An unbridled international voice breaks out
Canadian-born author Emily St. John Mandel burst onto the literary scene in 2009 with her debut, Last Night in Montreal. Her second novel, The Singer’s Gun, is May 2010’s #1 Indie Next Pick, and praise is mounting from booksellers and reviewers alike. BookPage spoke with St. John Mandel about the inspiration behind her novels, immigration issues and the worst job she’s ever had.
There are a lot of heavy issues (ranging from immigration fraud to human trafficking) in The Singer’s Gun. Where did you get your inspiration for the book, and why did you feel you needed to tell this story?
I've always had an interest in immigration. My father emigrated from the United States to Canada, and then 30 years later I emigrated from Canada to the United States.

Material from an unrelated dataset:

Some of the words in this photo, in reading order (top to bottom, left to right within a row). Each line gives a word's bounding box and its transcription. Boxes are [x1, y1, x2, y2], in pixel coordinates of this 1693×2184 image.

Human trafficking is immigration’s dark shadow.
Around the time I began the book I was thinking a lot about marriage, having spent the previous months planning my wedding, and there was a story I'd recently heard that stayed with me—it concerned a man who’d realized on his honeymoon that he’d made a mistake. The feeling was apparently mutual; the couple divorced amicably about six months later. I feel that it should be possible to base a novel on just about anything, so I began with that premise: What if a man left his wife on their honeymoon? The entire novel unwound from there. Various interests (immigration, passport fraud, figureheads, container ships, the idea of holiness) adhered themselves over time, and after a few years of concentrated effort I had a book.
This might of course change with future books, but for my first two novels it hasn’t really been a matter of needing to tell any particular story—it’s more that I start with an image, or a sentence, or some vague premise, and the final book is the story I end up with at the end of the process.

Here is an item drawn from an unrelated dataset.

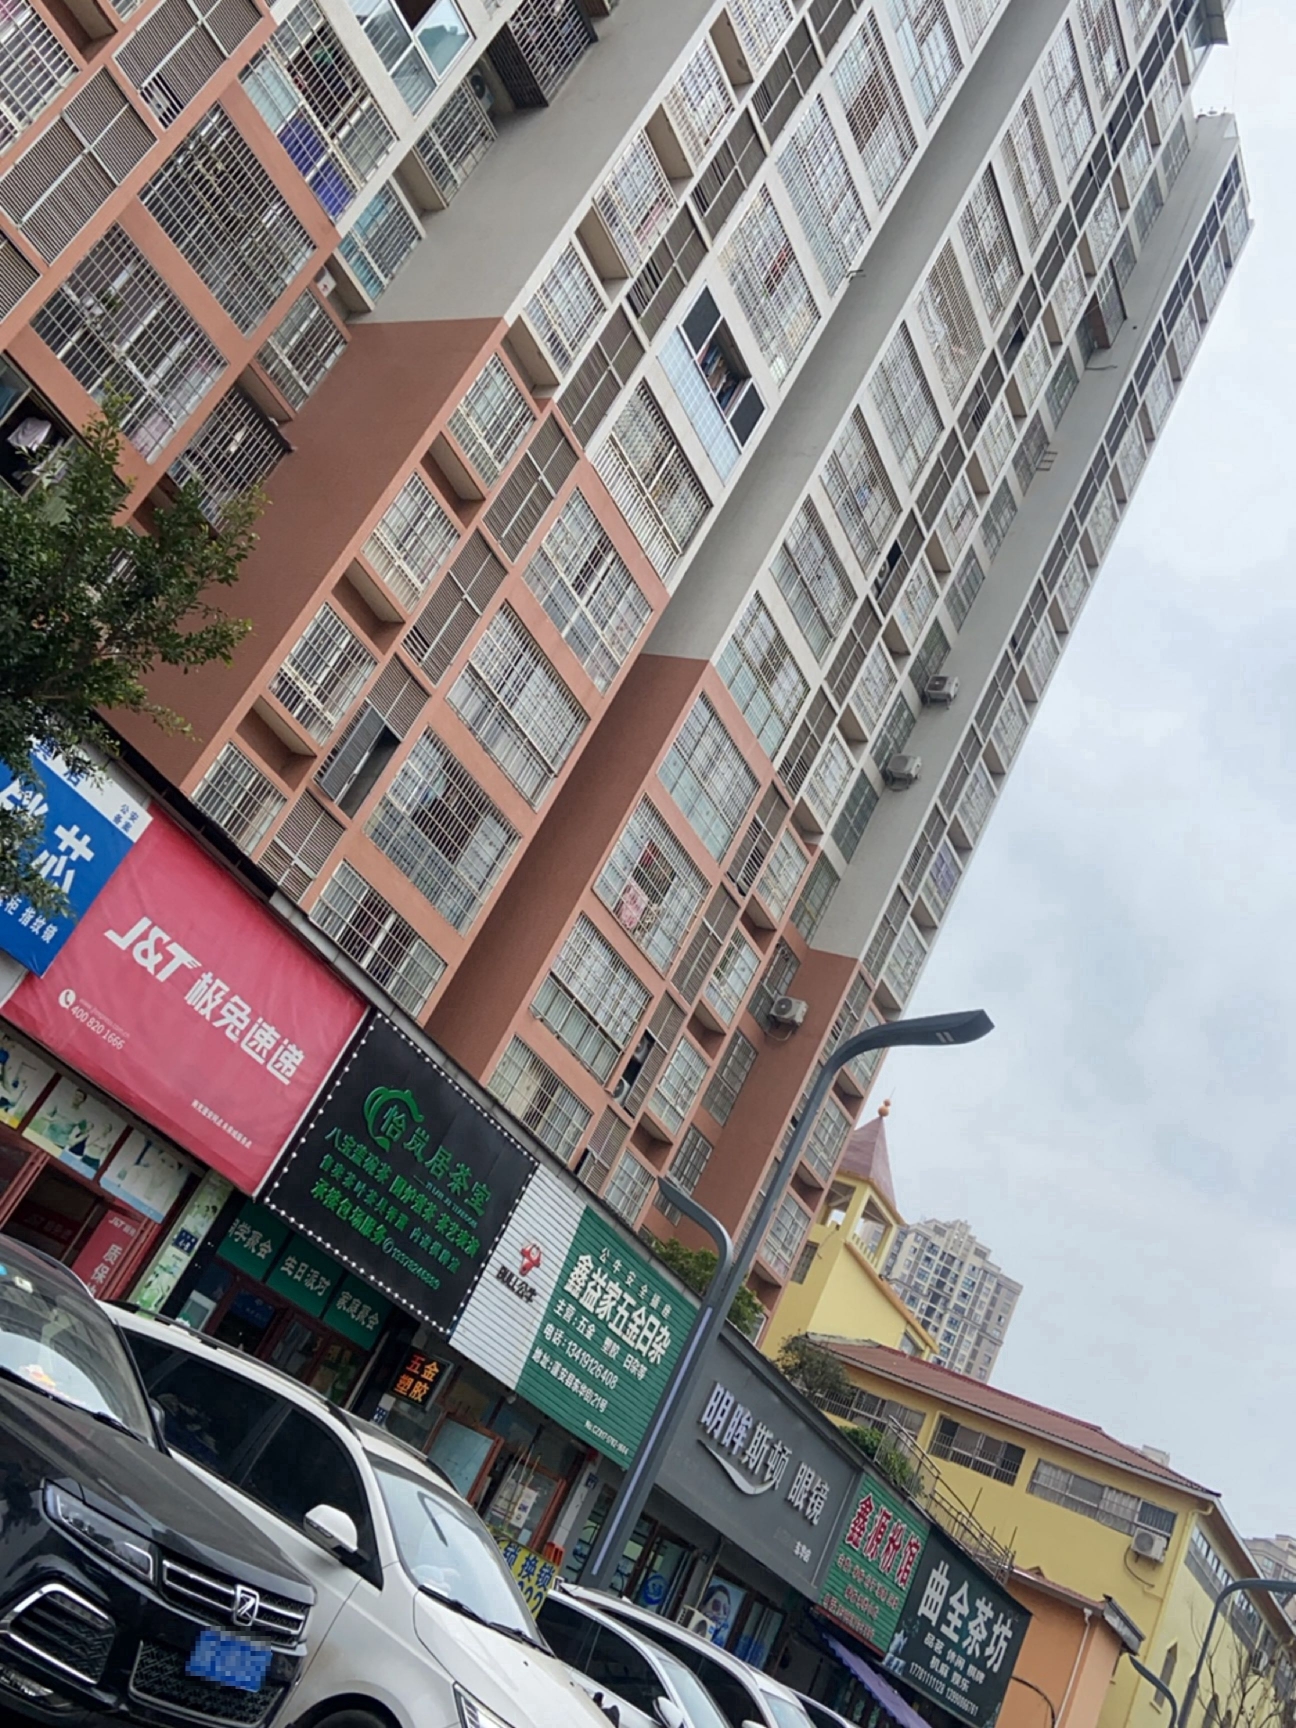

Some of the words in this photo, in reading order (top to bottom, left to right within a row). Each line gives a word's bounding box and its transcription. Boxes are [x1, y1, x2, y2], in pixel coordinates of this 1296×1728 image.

One of the main characters in The Singer’s Gun is a Canadian whose lifelong dream is to live in New York City, even if it means living there illegally. You also happen to be Canadian and live in Brooklyn—how did you wind up there? Are there any other parallels between you and your Canadian literary counterpart?

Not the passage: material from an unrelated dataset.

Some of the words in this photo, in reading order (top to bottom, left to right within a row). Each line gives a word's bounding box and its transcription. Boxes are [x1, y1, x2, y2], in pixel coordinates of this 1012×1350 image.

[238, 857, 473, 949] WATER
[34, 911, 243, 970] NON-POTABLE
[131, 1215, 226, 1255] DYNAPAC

I gave my Canadian literary counterpart an unpleasant work environment that had aspects of one or two of my least favorite jobs, and when I first came here I thought I was an illegal alien—it was a happy surprise to discover that because my father was born and raised in California, I’d actually been an American all along—but the similarities end there. None of my characters are based on anyone in particular.
I took a circuitous route from Canada to Brooklyn. Living in New York City wasn’t my lifelong dream—I actually never thought when I was younger that I’d end up living in the United States. I grew up on the west coast of British Columbia, and went to school in Toronto, so that was what brought me over to this side of the continent. A year or so after I graduated from the School of Toronto Dance Theatre, I had a boyfriend in New York, so I moved down there to be with him. After five months or so we ended up moving to Montreal together, and then after a few months in Montreal I missed New York City so much that I moved back here on my own. I’ve been in New York for about seven years.
Before you broke into publishing, you studied dance, which seems like an unconventional warm-up to becoming an author. What made you switch paths?
I was home-schooled as a child, and one of the very few requirements of my somewhat haphazard curriculum was that I write something every day. So I’d actually been writing for almost as long as I can remember—I was in the habit of writing short stories and poems from a very early age. Even when I was a dancer, I used to take notes for stories all the time. At a certain point in my early 20s, I found that dance was beginning to feel like more of a burden than a joy, and I started taking fewer and fewer dance classes, going to fewer auditions, and writing much more seriously than I ever had before. It was a very slow and gradual progression from thinking of myself as a dancer who sometimes wrote to thinking of myself as a writer who used to be a dancer.
There’s a very international scope to your fiction. Do you attribute this to your own experiences of having lived as an immigrant in a foreign country?
Yes, I think it’s probably fair to say that my experience of having lived in more than one country has shaped the way I write. Living in a country other than the one you grew up in is an experience that I think everyone should have at some point in their lives, if at all possible—it changes the way you see the world.
The issue of identity theft and escape comes into play in this novel. If you could be anyone else, who would you be and why?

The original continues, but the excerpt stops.